The ASCO invited discussant, Dr. Chris R. Garrett, M.D. Anderson Cancer Center, Houston, Texas, cautioned that a change in practice should await evidence of a survival benefit with the bevacizumab/erlotinib combination. However, he called these data “a proof of concept of synergy” from inhibiting different pathways of angiogenesis and tumour proliferation.

In the CORRECT trial, 760 mCRC patients with progression within 3 months of their last regimen and no longer considered good candidates for standard regimens were randomized in a 2:1 ratio to regorafenib 160 mg once-daily or best supportive care (BSC). Regorafenib was administered daily for 3 weeks out of a 4-week cycle. Relative to BSC, the improvements in both PFS (HR 0.49; 95% CI, 0.42-0.58; P<0.00001) and OS (HR 0.77; 95% CI, 0.64-0.94; P=0.0052) were both highly significant.

“Comparable OS and PFS benefits were observed in exploratory subgroup analyses by region, age, time from diagnosis of mCRC to randomization, prior lines of treatment and KRAS status,” reported first author, Dr. Eric Van Cutsem, University of Leuven, Belgium. He noted that the most common grade ≥3 side effect was hand-foot syndrome, providing this agent with a high degree of tolerability in a challenging population.

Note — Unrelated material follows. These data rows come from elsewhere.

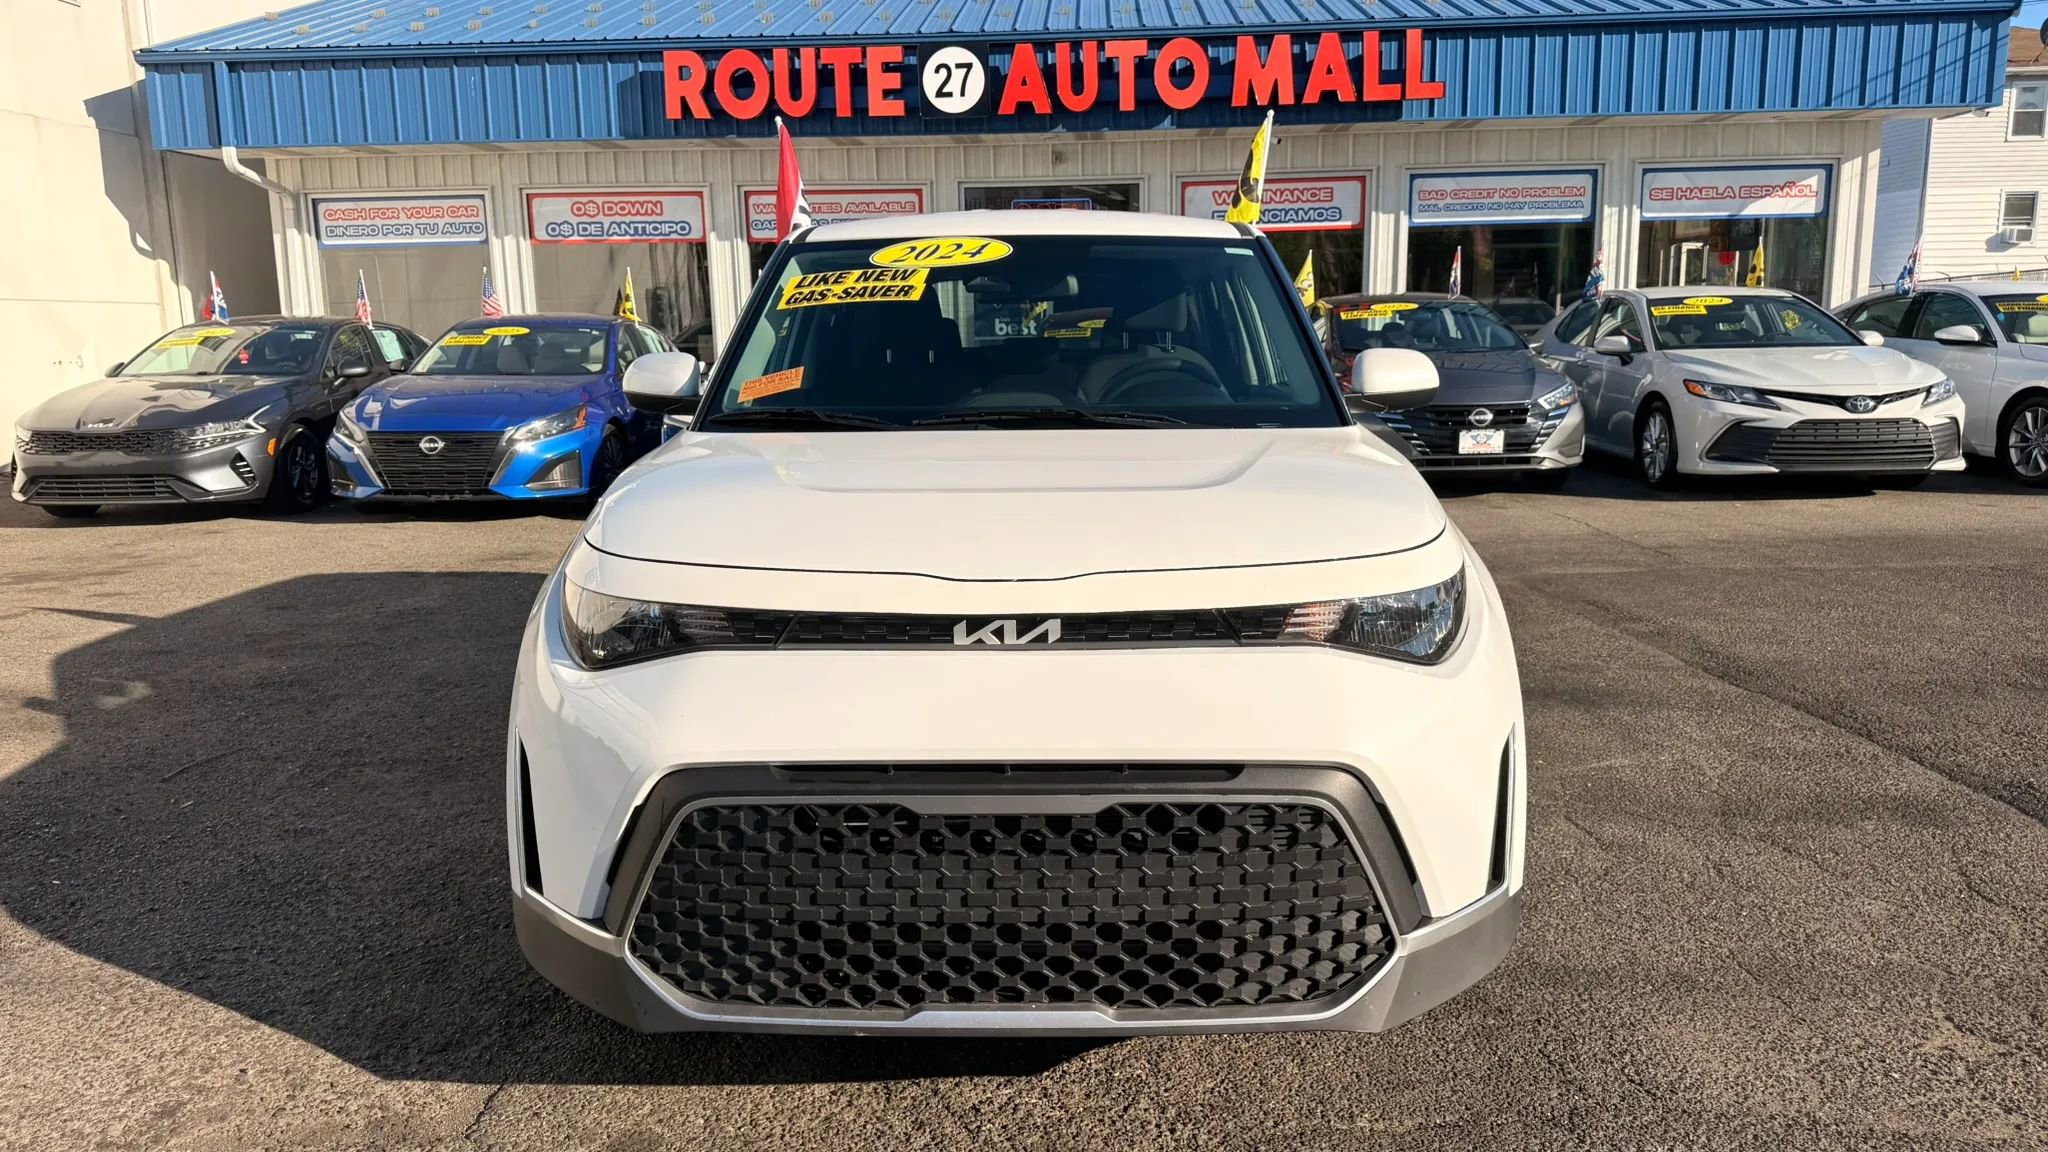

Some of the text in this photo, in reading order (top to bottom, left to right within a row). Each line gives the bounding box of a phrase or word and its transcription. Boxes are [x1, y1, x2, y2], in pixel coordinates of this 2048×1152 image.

[663, 28, 1446, 120] ROUTE 27 AUTO MALL
[1261, 187, 1333, 203] INANCE
[1418, 185, 1586, 201] BAD CREDIT NO PROBLEM
[1650, 181, 1818, 200] SE HABLA ESPAÑOL
[324, 205, 479, 221] CASH FOR YOUR CAR
[602, 200, 663, 216] DOWN
[844, 201, 916, 213] AVAILABLE
[1418, 200, 1584, 213] MAL CREDITO NO HAY PROBLEMA
[326, 221, 485, 238] DINERO POR TU AUTO
[577, 221, 604, 236] DE
[606, 220, 692, 236] ANTICIPO
[890, 241, 991, 264] 2024
[795, 269, 919, 289] LIKE NEW
[784, 284, 917, 306] GAS-SAVER
[994, 318, 1037, 336] best
[953, 618, 1061, 645] KIA
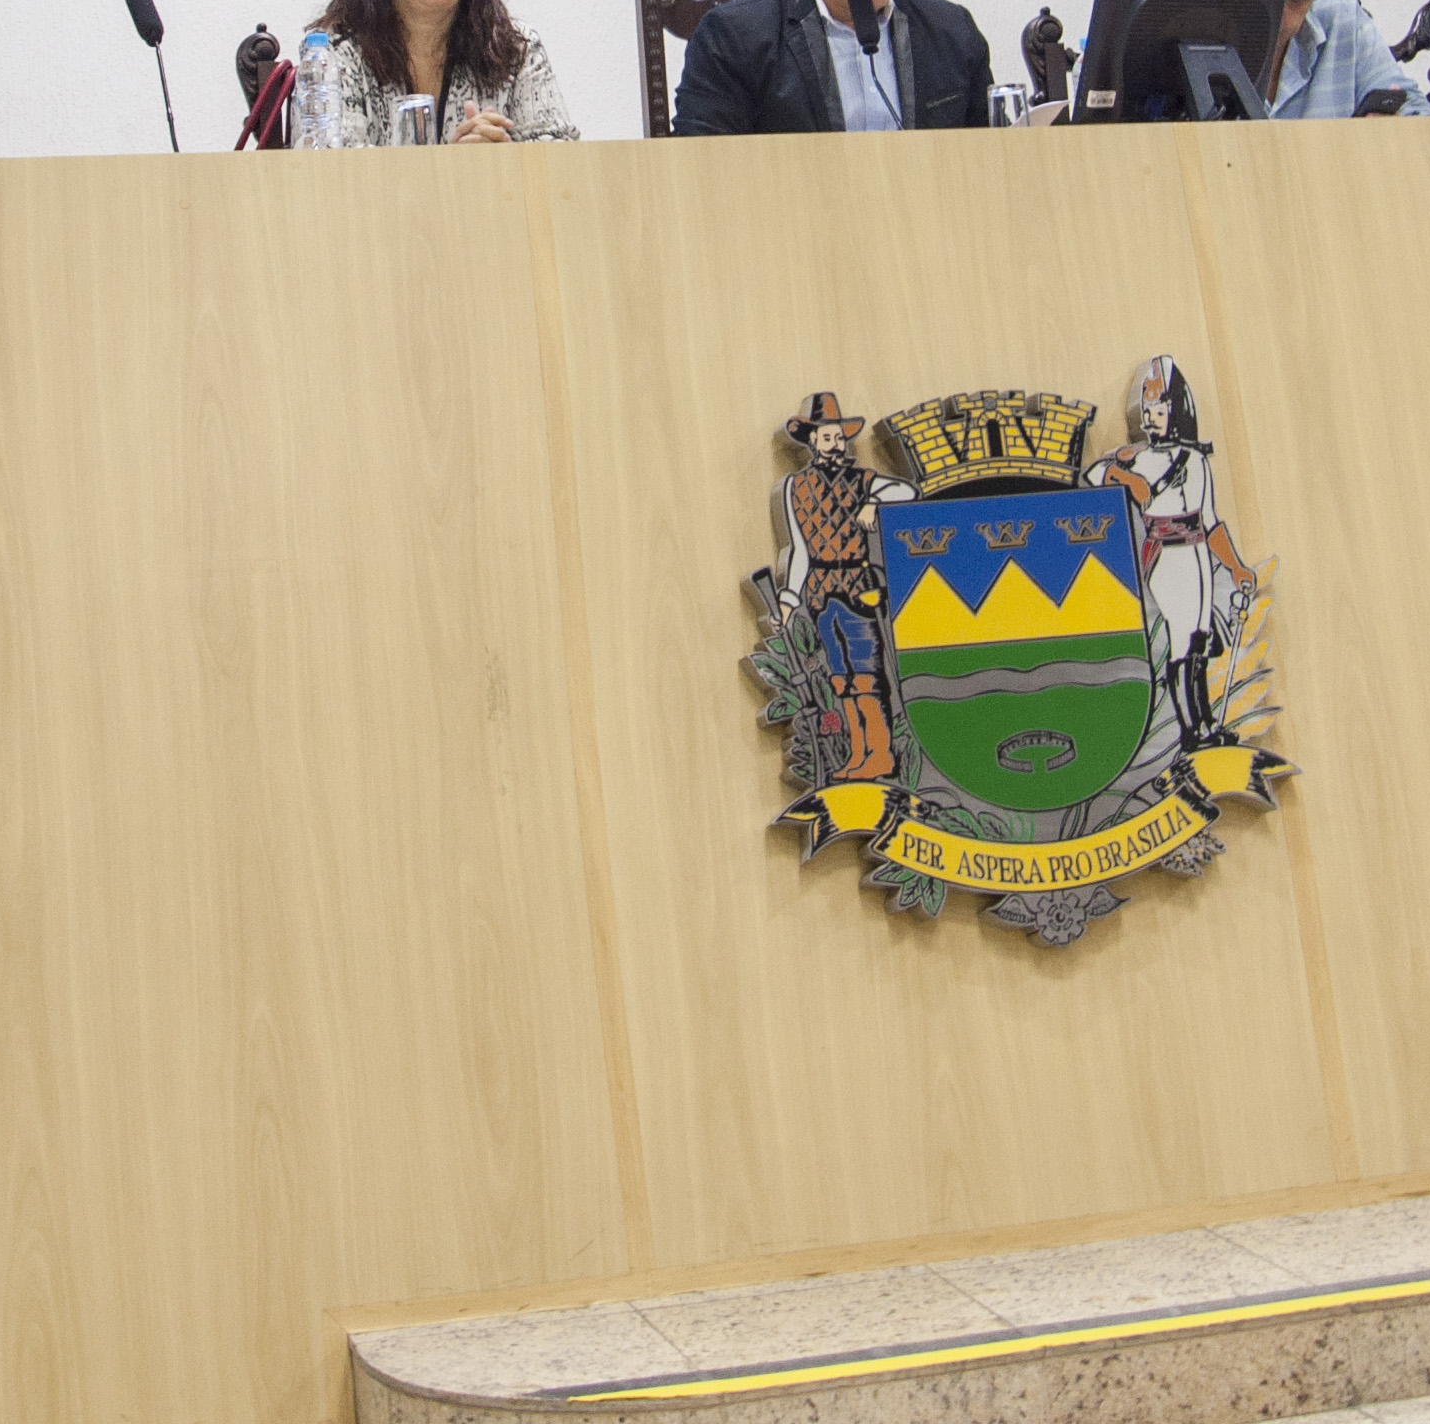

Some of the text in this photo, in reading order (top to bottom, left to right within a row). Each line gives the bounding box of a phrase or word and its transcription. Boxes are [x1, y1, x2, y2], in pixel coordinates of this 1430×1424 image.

[956, 850, 1044, 884] ASPERA
[1048, 851, 1092, 883] PRO
[1094, 805, 1192, 873] BRASILIA

In the context of these benefits, a study from Canada provided some surprising evidence that anti-angiogenesis agents are not being prescribed uniformly when patients are stratified by age. In data collected on 800 patients and presented by Dr. Matthew Chan, who is in training at the University of British Columbia, only 22% of those ≥70 years vs. 50% of those younger (P<0.001) were receiving an anti-angiogenesis agent with first-line mCRC therapy as indicated by current standard of care practices. Yet, OS advantages and the tolerability of anti-angiogenesis therapy appear to be similar in younger and older patients.

“We looked at the reasons why patients did not receive a particular regimen and the reasons in both arms were pretty similar,” reported Dr. Chan, referring to comorbidities or patient preference. Yet with a survival benefit anticipated in both older and younger patients, there is a strong rationale for urging use of anti-angiogenesis agents, which are relatively well tolerated, in both groups.

Summary

New data support the premise that mCRC survival can be extended by chronic anti-angiogenesis therapy. The significant survival advantage observed when bevacizumab was included in a second-line regimen among mCRC patients who also received this agent first-line confirms persistent and meaningful protection against tumour growth. These results move treatment toward a model in which mCRC is managed as a chronic disease. A proof-of-concept benefit of targeting other pathways of proliferation, such as EGFR, at the same time as VEGF, was introduced by the DREAM study that showed at TKI could be added to an anti-VEGF drug to improve disease control with a low risk of significant AEs. The studies are consistent with a changing orientation in mCRC management.